In other words, ever-more storage capacity is wasted holding ever-more data that businesses use ever-more infrequently—or worse, ever-more poorly. Why spend the effort and electricity? If a company merely banishes its data to an untapped archive, wouldn’t it be better not to collect it at all?
Just in case the business world decides to agree with me—stranger things have happened—I thought I might propose some alternatives for all that wasted space:
Corporate Porn Archive: Chances are pretty good that your employees are looking at things they oughtn’t on company time anyway. Why not amend your policies and make it a perk? The really outré stuff can be used for blackmail if necessary.
Multiplayer Computer Games: Today’s top entertainment titles eat up tons of disk space. Installing the latest real-time strategy and first-person shooter games will build corporate morale and facilitate teamwork. Also, there are professional gaming leagues now, so if your people are any good they might be able to get you some free publicity and/or a secondary revenue stream.
Distributed Computing: A number of research programs, such as the Search for Extra-Terrestrial Intelligence organization, use distributed grid computing to increase their number-crunching capabilities without adding great expense. Sharing your storage in this manner might be good for a tax deduction, and you can be part of the team that proves those abduction-and-probing stories in the National Enquirer are true after all.
Or maybe there’s a better way. As it stands, the only people who benefit from the Great Data ’Splosion are makers of storage media. So why should we let them get fat off of our bass-ackwards business processes? I call for a revolution! Start using the data you collect. Invest in some high-quality analytics applications—they’re not just for analysts anymore. Keep records only of the things you’re going to use, and make sure you use them.

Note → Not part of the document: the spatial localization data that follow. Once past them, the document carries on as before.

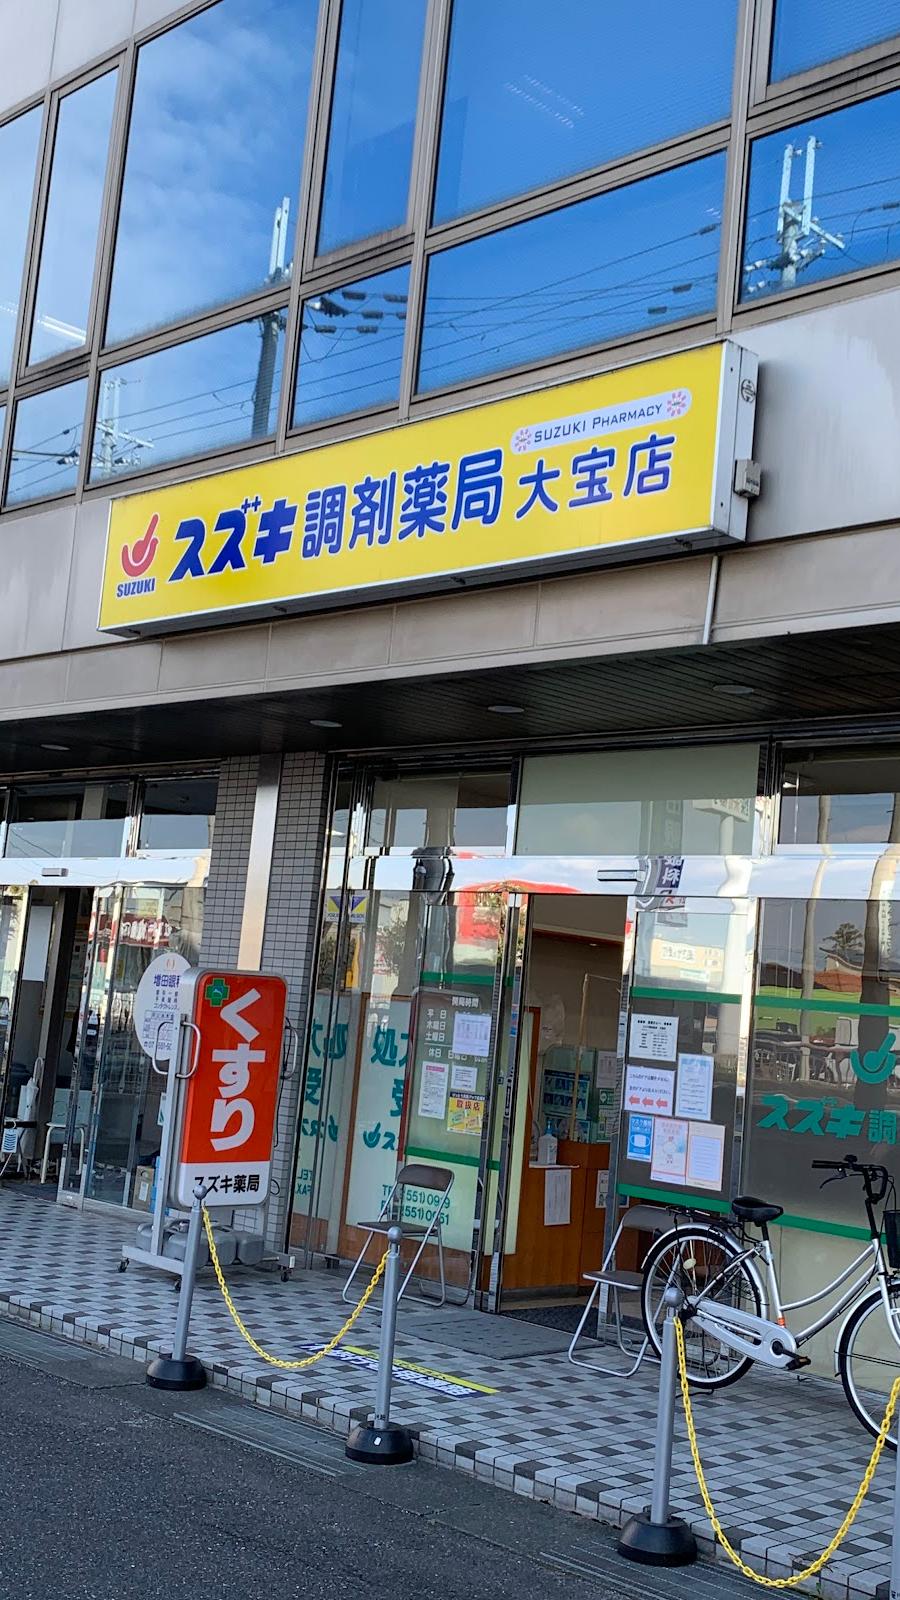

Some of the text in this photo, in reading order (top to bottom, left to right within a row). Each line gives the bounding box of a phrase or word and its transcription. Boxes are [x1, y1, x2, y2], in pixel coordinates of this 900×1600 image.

[534, 418, 587, 443] SUZUKI
[168, 434, 676, 582] スズキ調剤薬局 大宝店
[116, 577, 155, 598] SUZUKI
[210, 987, 266, 1152] くすり
[756, 1094, 897, 1145] スズキ調
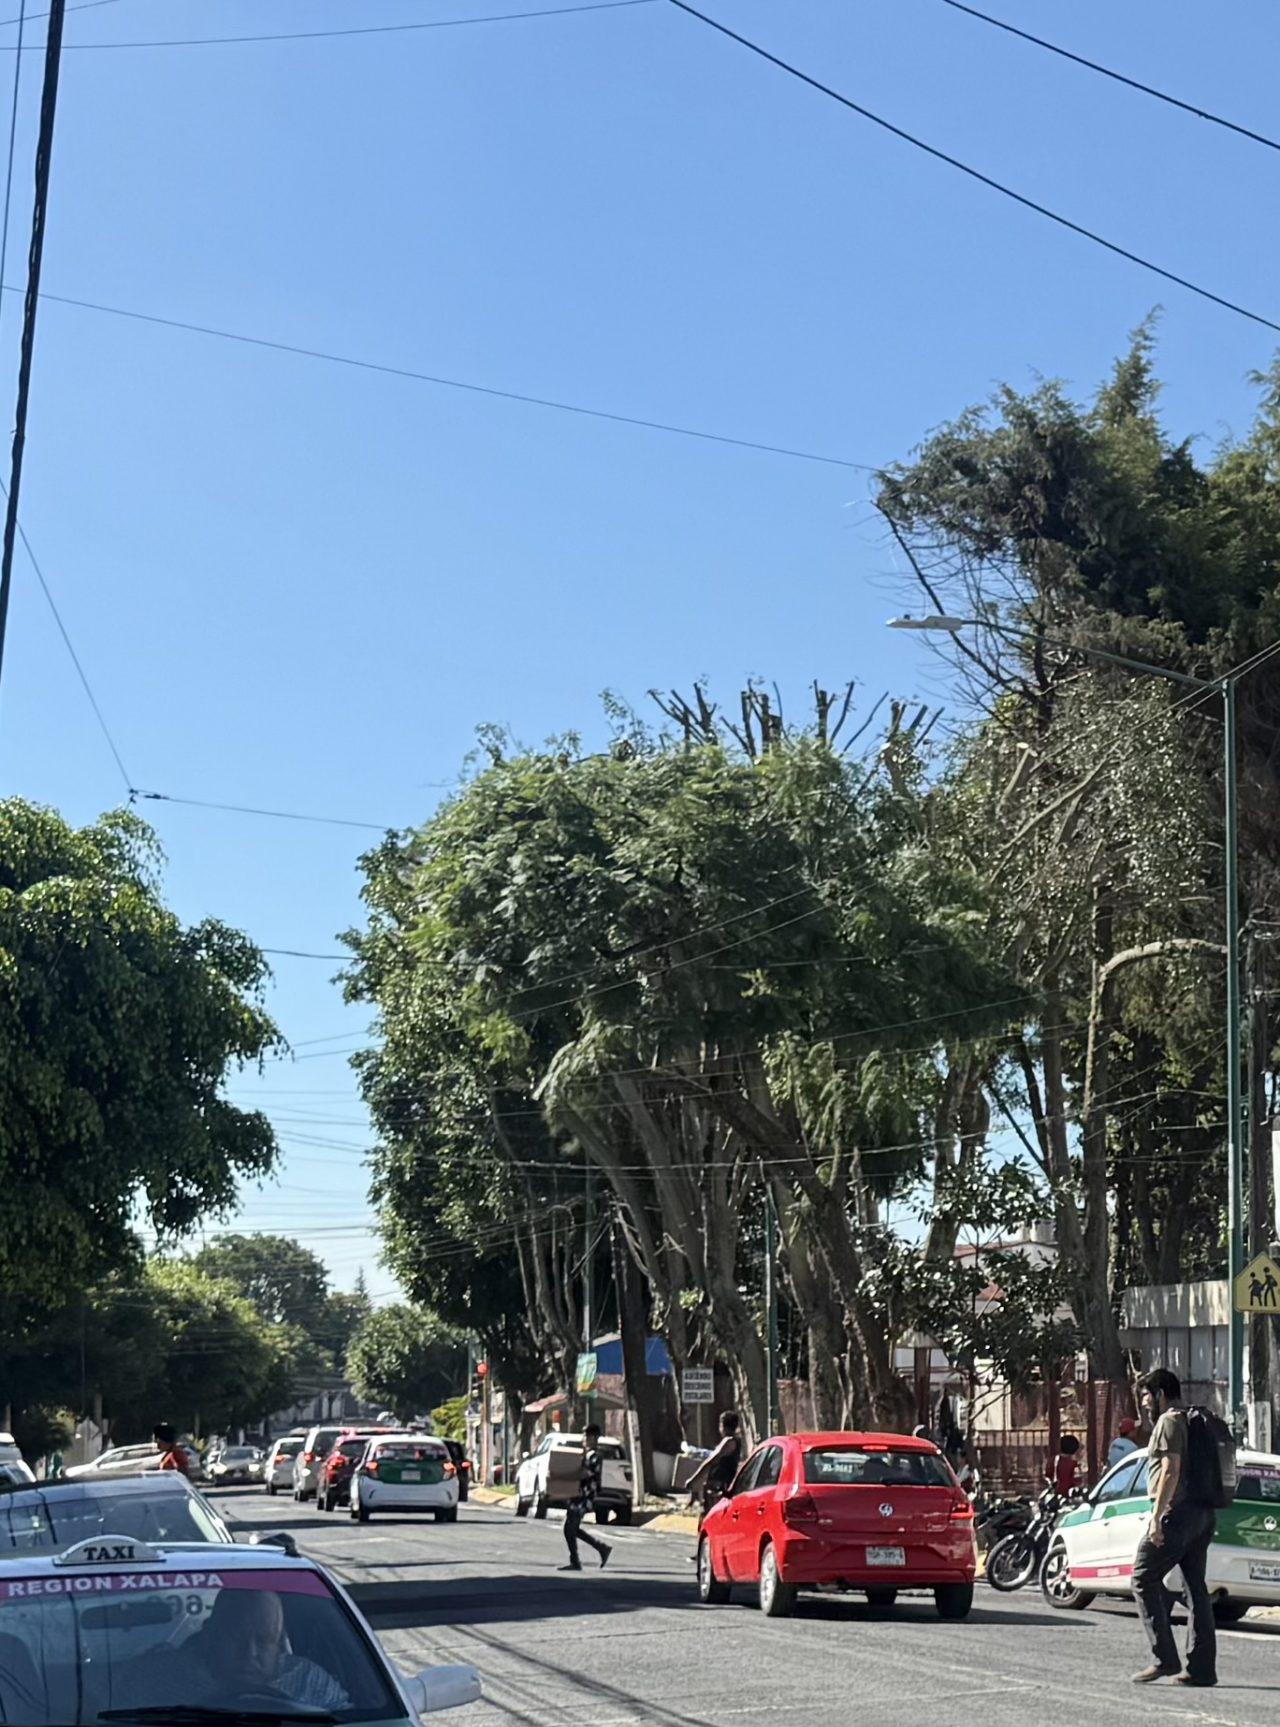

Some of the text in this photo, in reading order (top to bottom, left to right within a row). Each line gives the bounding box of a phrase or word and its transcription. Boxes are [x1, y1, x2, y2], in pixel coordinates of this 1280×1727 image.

[83, 1545, 136, 1561] TAXI
[8, 1573, 224, 1597] REGION XALAPA

If you can get double duty from your collected information by sharing it, by all means do so. Make the storage fat cats earn their money.
But if you do, it’s probably best you don’t mention the gaming or the porn to your employees. They can’t always see the big picture.
Marshall Lager is the managing principal of Third Idea Consulting. Contact him at marshall@3rd-idea.com or via http:/www.twitter.com/Lager. He promises not to bother collecting any information about you unless it looks juicy and/or useful.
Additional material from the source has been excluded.